TASK: The result should be the lines from the one holding "this 1455×1640 image." to the end of the records below, repeated exactly. No pictures.
# # #
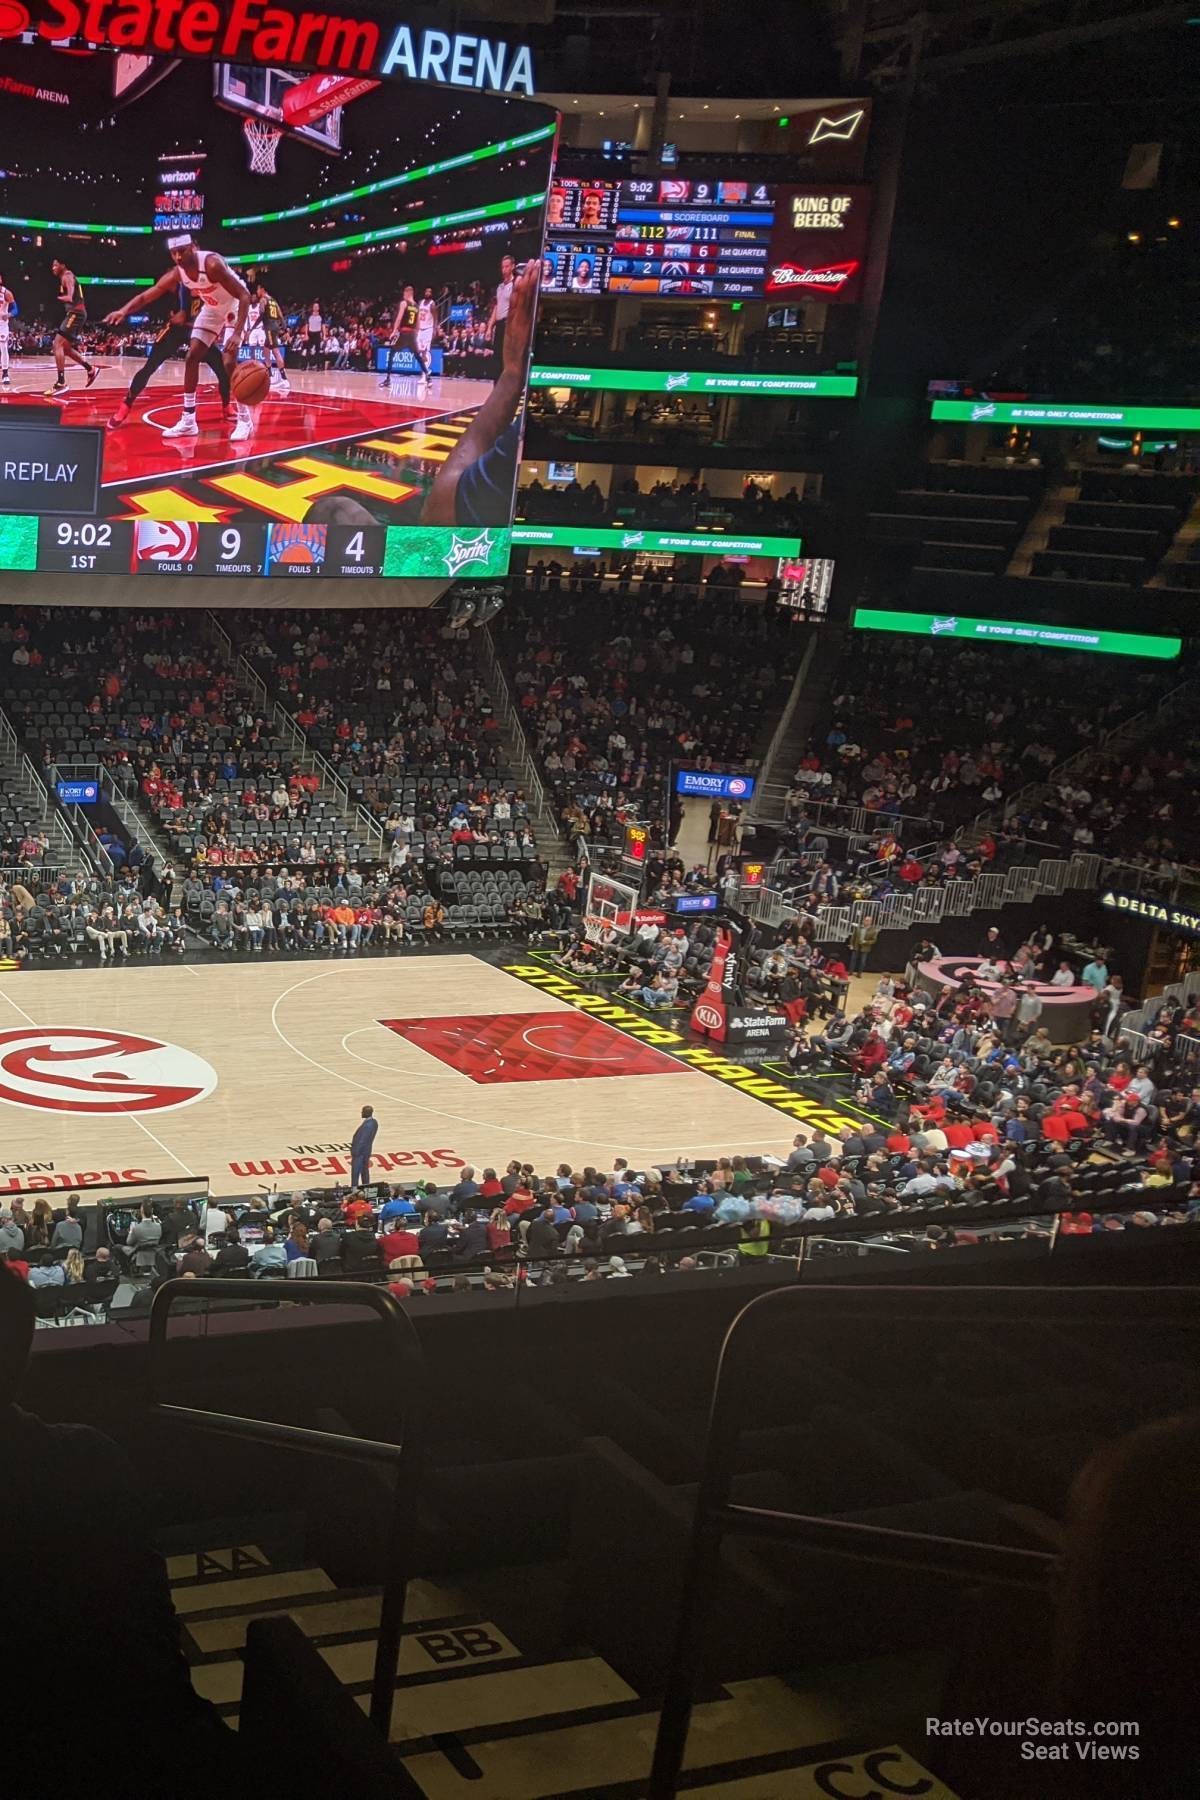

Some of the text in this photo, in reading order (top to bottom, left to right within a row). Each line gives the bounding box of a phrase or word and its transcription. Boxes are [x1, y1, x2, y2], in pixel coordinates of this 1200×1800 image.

[38, 0, 535, 96] StateFarm ARENA
[36, 88, 70, 105] ARENA
[161, 171, 196, 183] verizon
[630, 183, 766, 199] 9:02 9 4
[793, 197, 851, 212] KING OF
[674, 214, 729, 222] SCOREBOARD
[793, 213, 844, 228] BEERS.
[641, 227, 756, 240] 112 111 FINAL
[646, 245, 654, 256] 5
[699, 246, 708, 257] 6
[732, 248, 766, 257] QUARTER
[643, 263, 652, 274] 2
[697, 264, 706, 275] 4
[730, 266, 764, 275] QUARTER
[772, 269, 848, 283] Budweiser
[740, 380, 761, 388] ONLY
[762, 381, 816, 389] COMPETITION
[4, 462, 78, 482] REPLAY
[57, 523, 111, 547] 9:02
[221, 529, 241, 559] 9
[345, 531, 364, 561] 4
[452, 544, 488, 563] Sprite
[71, 555, 96, 569] 1ST
[158, 563, 193, 572] FOULS 0
[215, 564, 262, 573] TIMEOUTS 7
[288, 565, 320, 573] FOULS 1
[341, 566, 383, 574] TIMEOUTS 7
[988, 626, 1014, 635] YOUR
[1015, 628, 1038, 637] ONLY
[1040, 629, 1099, 644] COMPETITION
[685, 776, 724, 788] EMORY
[1118, 896, 1168, 921] DELTA
[722, 953, 736, 990] xfinity
[700, 1009, 718, 1026] KIA
[743, 1016, 786, 1028] StateFarm
[746, 1029, 770, 1037] ARENA
[503, 965, 864, 1135] ATLANTA HAWKS
[288, 1142, 353, 1155] RENA
[228, 1149, 466, 1177] StatFarm
[198, 1548, 271, 1574] AA
[416, 1628, 503, 1663] BB
[813, 1752, 934, 1800] CC
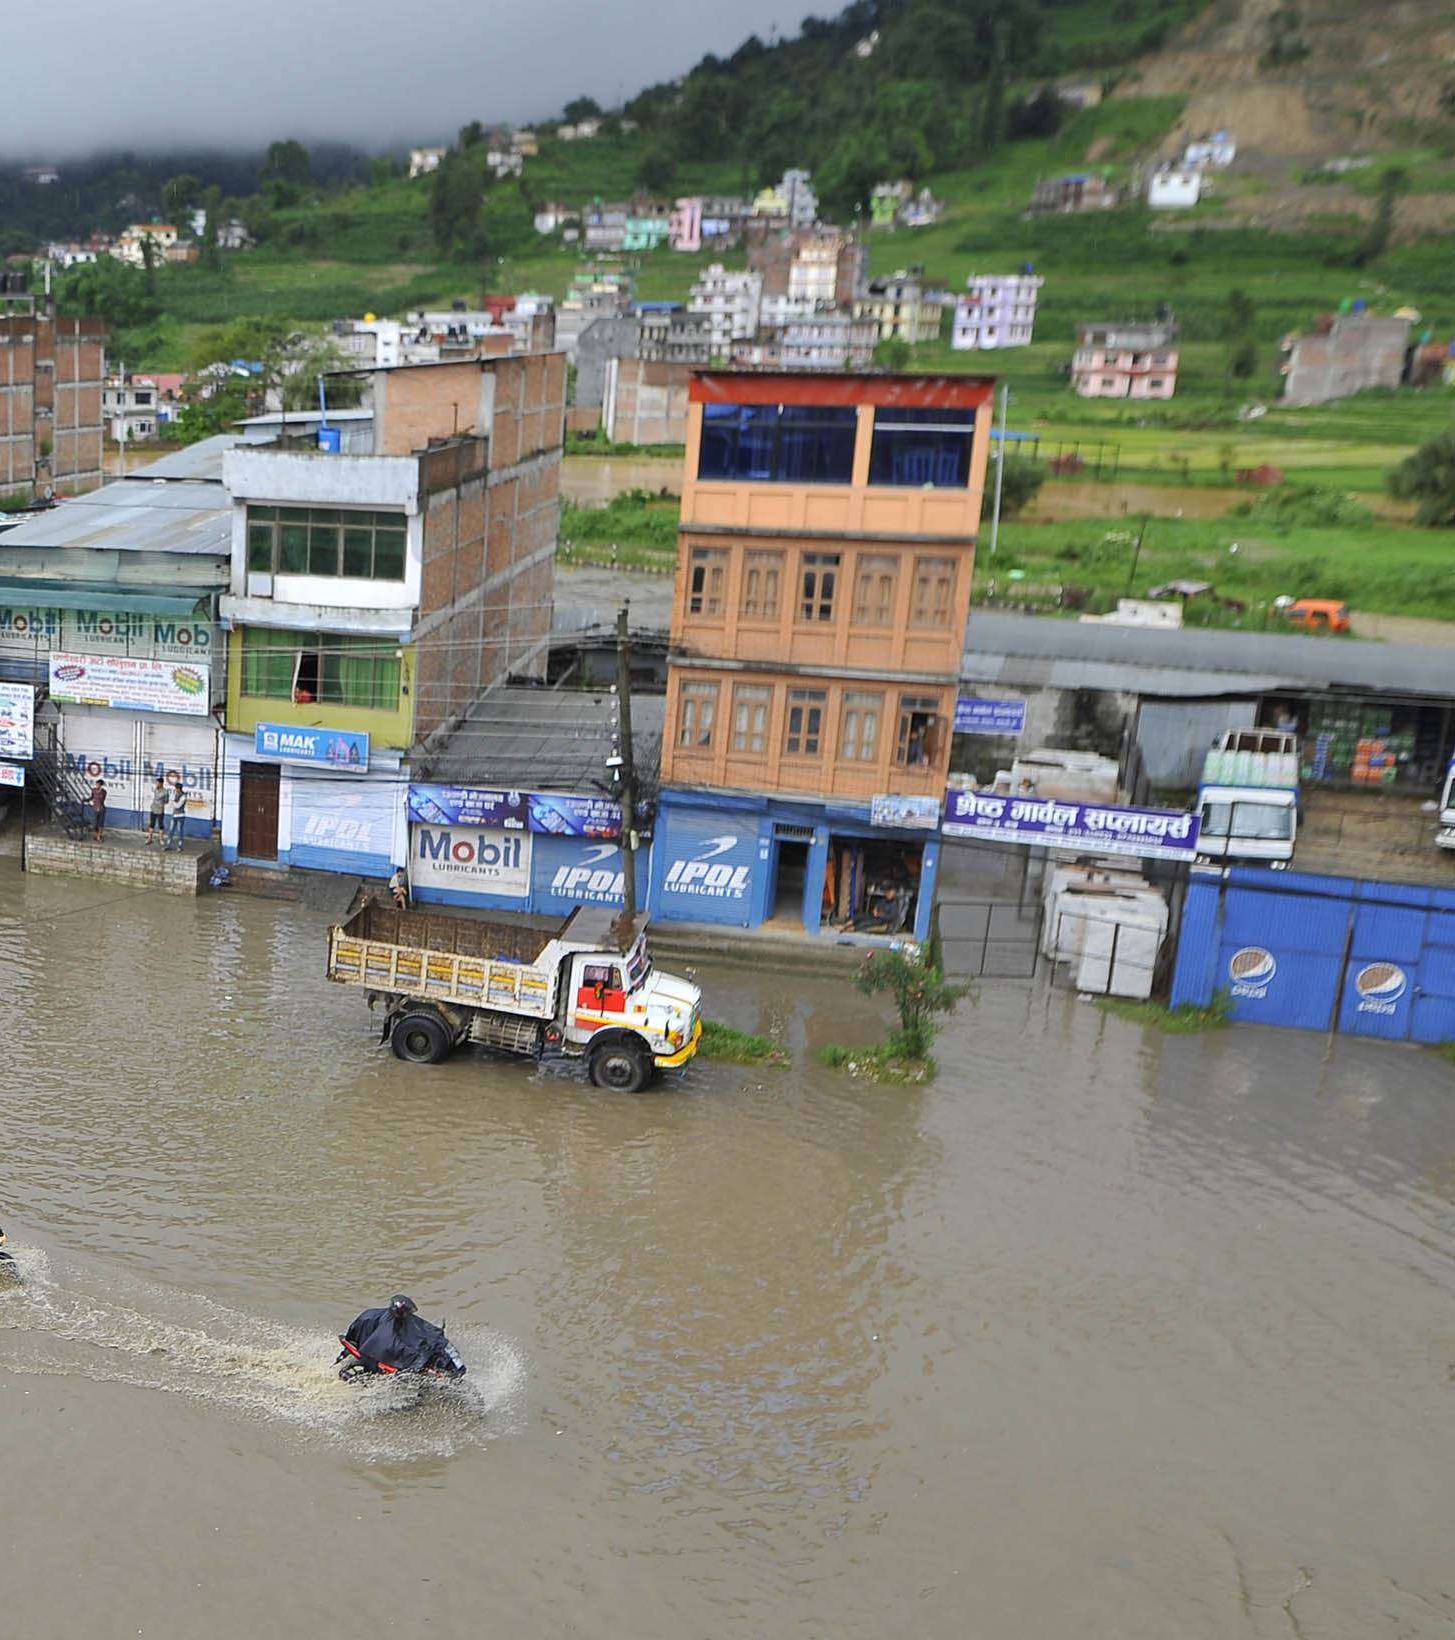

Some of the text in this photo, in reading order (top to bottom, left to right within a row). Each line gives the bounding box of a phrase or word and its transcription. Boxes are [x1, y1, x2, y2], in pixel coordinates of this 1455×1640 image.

[77, 610, 144, 637] Mobil
[280, 733, 316, 750] MAK
[66, 753, 131, 781] Mobil
[420, 829, 521, 868] Mobil
[432, 863, 500, 877] LUBRICANTS
[665, 860, 750, 890] IPOL
[663, 881, 743, 899] LUBRICANTS
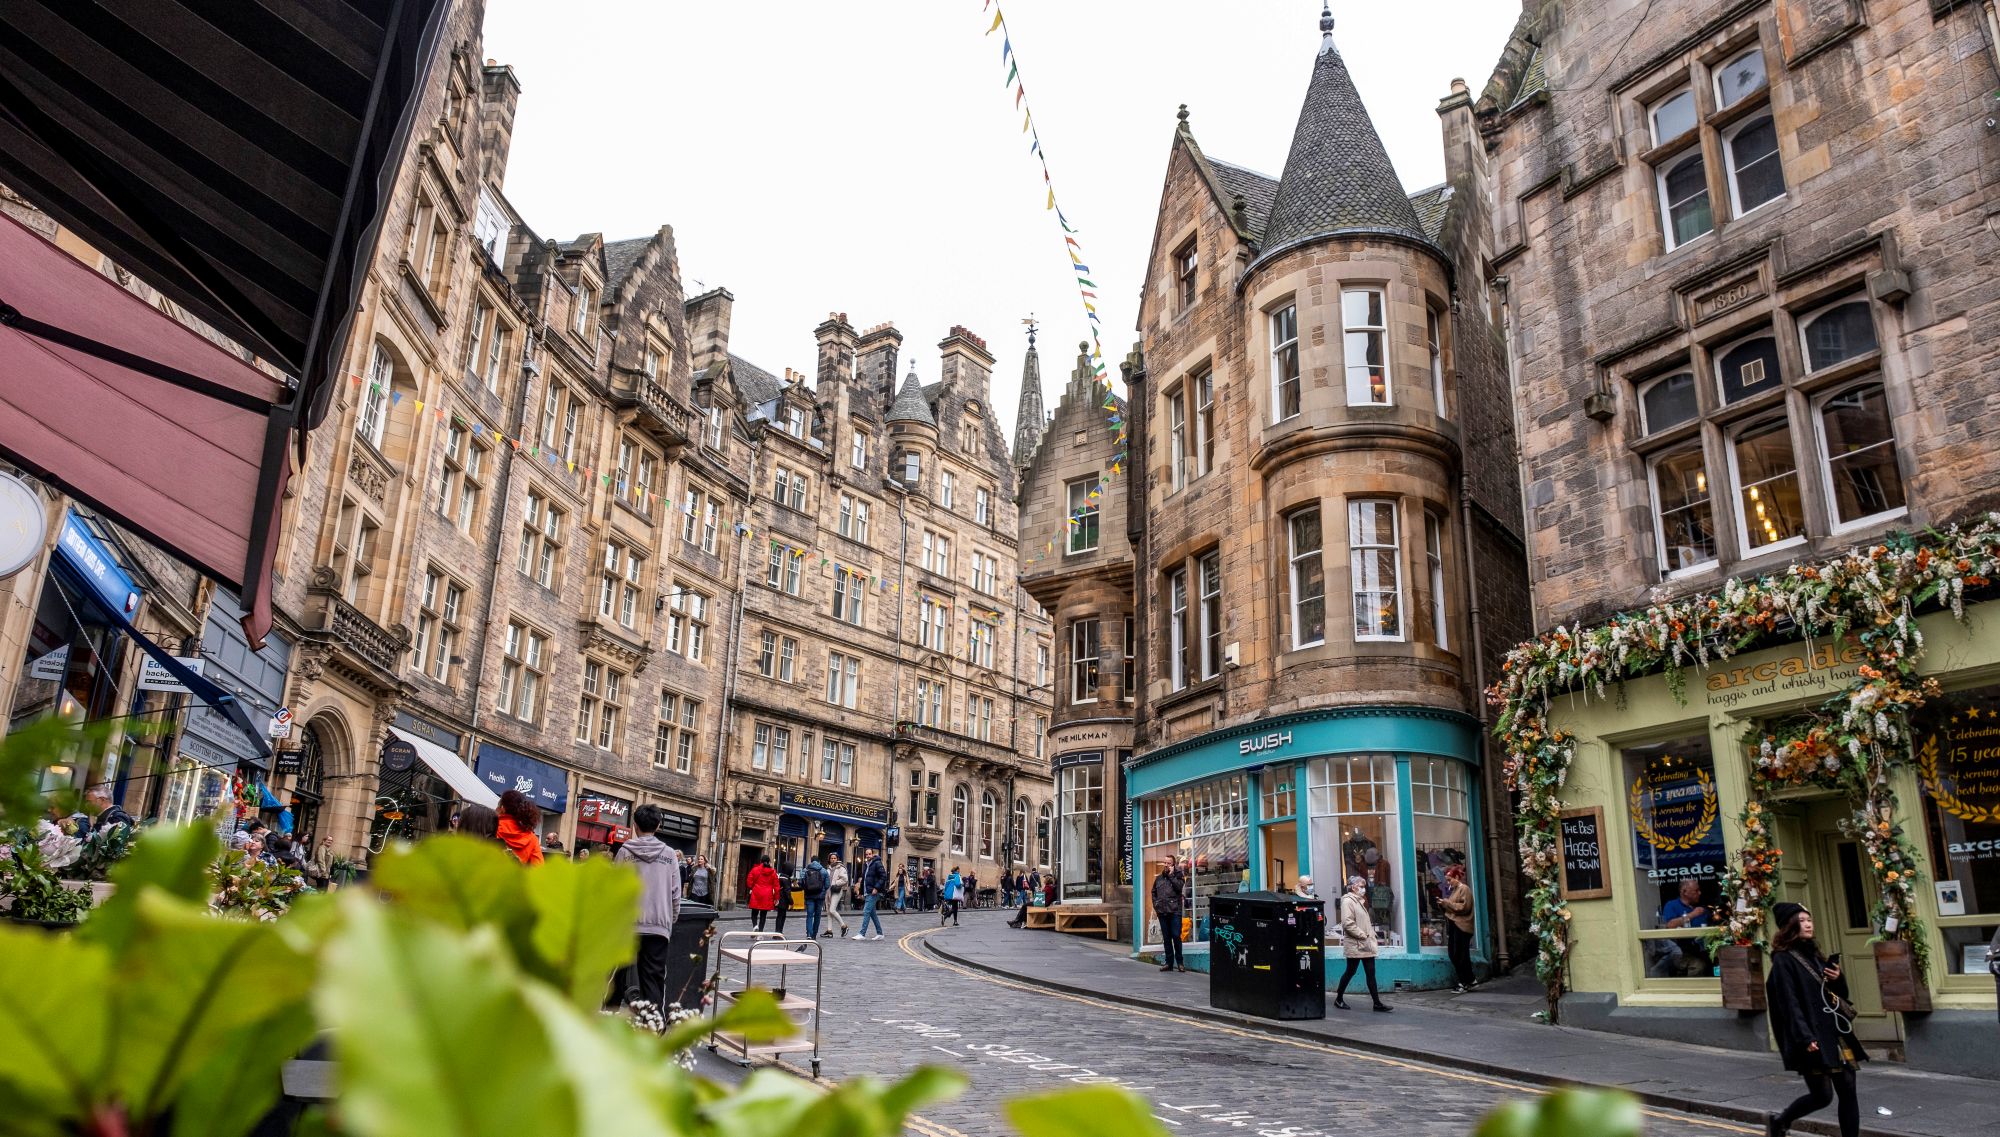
# # #
TASK SOLUTION:
Some of the text in this photo, in reading order (top to bottom, left to right within a row). Each line gives the bounding box of a phrase or word and its transcription. Boxes are [x1, y1, x2, y2], in pixel coordinates of this 1455×1640 image.

[77, 610, 144, 637] Mobil
[280, 733, 316, 750] MAK
[66, 753, 131, 781] Mobil
[420, 829, 521, 868] Mobil
[432, 863, 500, 877] LUBRICANTS
[665, 860, 750, 890] IPOL
[663, 881, 743, 899] LUBRICANTS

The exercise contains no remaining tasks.